Task data Start Marker

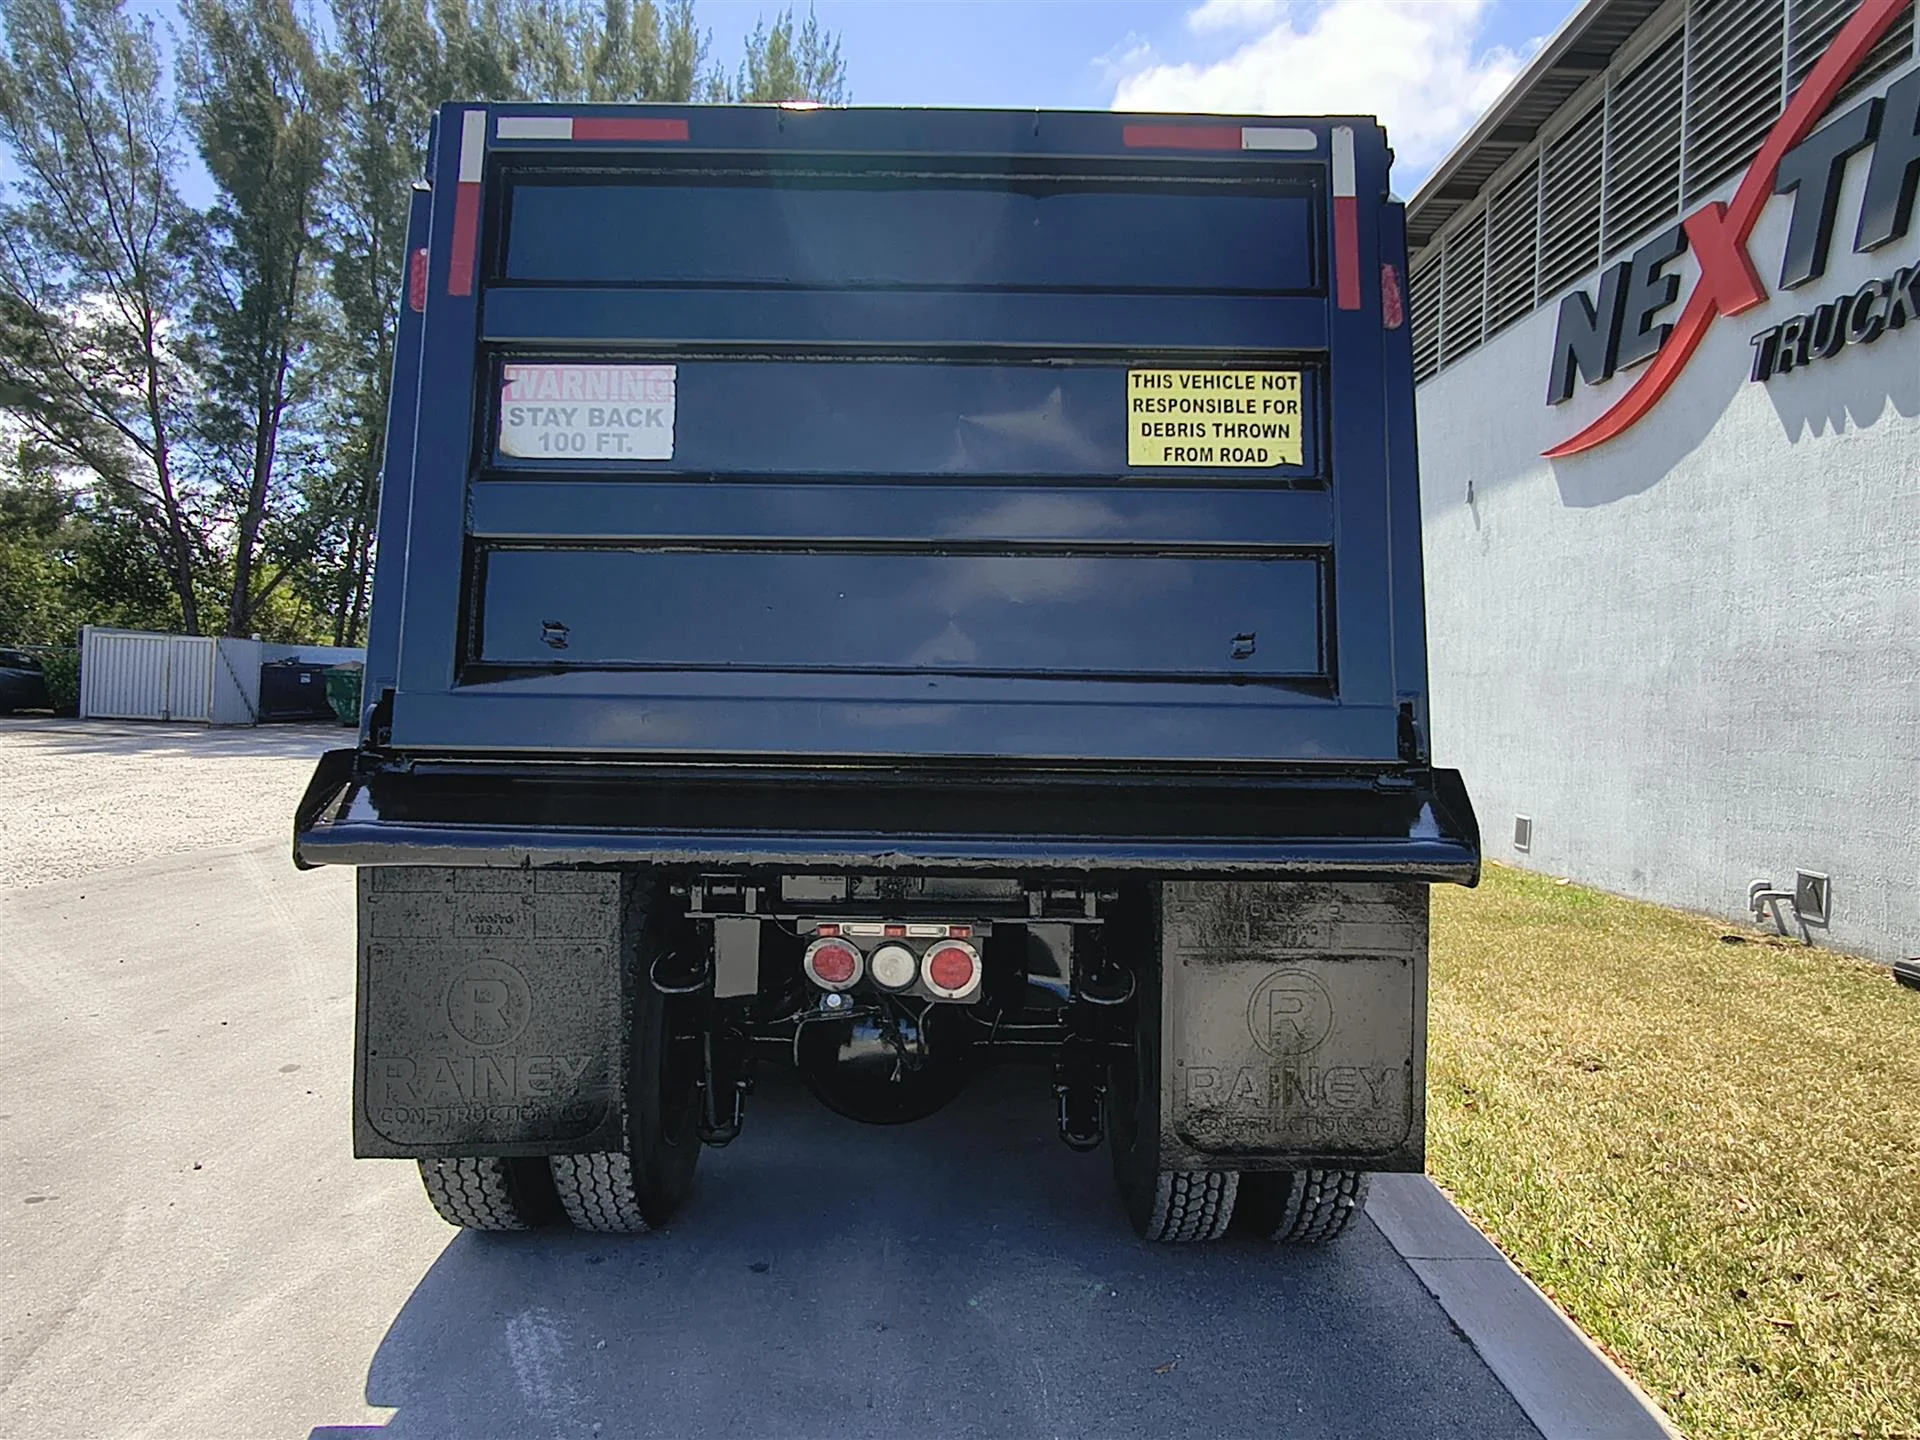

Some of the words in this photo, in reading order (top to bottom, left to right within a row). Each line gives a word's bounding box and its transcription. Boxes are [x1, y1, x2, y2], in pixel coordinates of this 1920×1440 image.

[508, 369, 672, 401] WARNING
[1131, 374, 1173, 389] THIS
[1179, 375, 1255, 390] VEHICLE
[1262, 376, 1297, 391] NOT
[1133, 398, 1256, 414] RESPONSIBLE
[1263, 400, 1298, 415] FOR
[509, 407, 579, 427] STAY
[588, 407, 665, 428] BACK
[1141, 422, 1206, 438] DEBRIS
[1212, 423, 1290, 439] THROWN
[538, 432, 586, 452] 100
[596, 433, 633, 453] FT.
[1163, 447, 1214, 462] FROM
[1220, 448, 1269, 463] ROAD
[464, 979, 512, 1030] R
[1268, 989, 1311, 1045] R
[376, 1055, 593, 1100] RAINEY
[1186, 1066, 1399, 1110] RAINEY
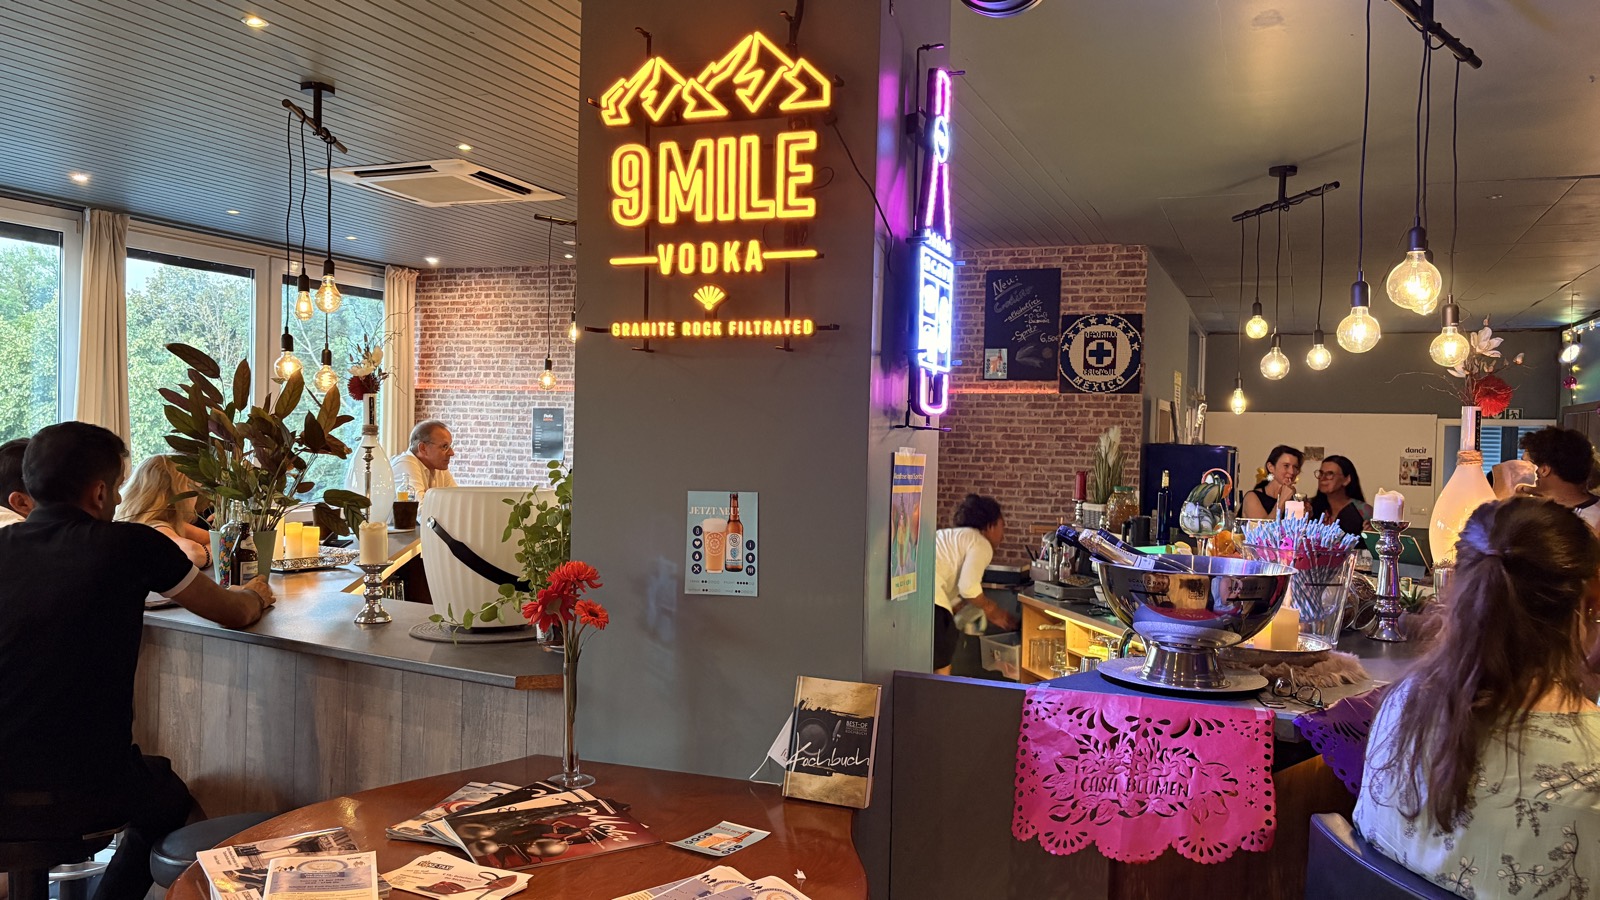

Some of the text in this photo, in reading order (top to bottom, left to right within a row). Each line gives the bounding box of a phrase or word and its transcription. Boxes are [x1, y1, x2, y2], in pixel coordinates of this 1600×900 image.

Task data End Marker

Exercise directions =
All the lines above are to be given again exactly as they read, with the pictures removed.

Solution below =
Some of the words in this photo, in reading order (top to bottom, left to right within a row). Each line gives a word's bounding box and its transcription. Boxes are [x1, y1, x2, y2], in pixel coordinates of this 1920×1440 image.

[508, 369, 672, 401] WARNING
[1131, 374, 1173, 389] THIS
[1179, 375, 1255, 390] VEHICLE
[1262, 376, 1297, 391] NOT
[1133, 398, 1256, 414] RESPONSIBLE
[1263, 400, 1298, 415] FOR
[509, 407, 579, 427] STAY
[588, 407, 665, 428] BACK
[1141, 422, 1206, 438] DEBRIS
[1212, 423, 1290, 439] THROWN
[538, 432, 586, 452] 100
[596, 433, 633, 453] FT.
[1163, 447, 1214, 462] FROM
[1220, 448, 1269, 463] ROAD
[464, 979, 512, 1030] R
[1268, 989, 1311, 1045] R
[376, 1055, 593, 1100] RAINEY
[1186, 1066, 1399, 1110] RAINEY

Some of the text in this photo, in reading order (top to bottom, left to right within a row). Each line gives the bounding box of a phrase or word and its transcription. Boxes are [x1, y1, x2, y2], in pixel coordinates of this 1600×900 image.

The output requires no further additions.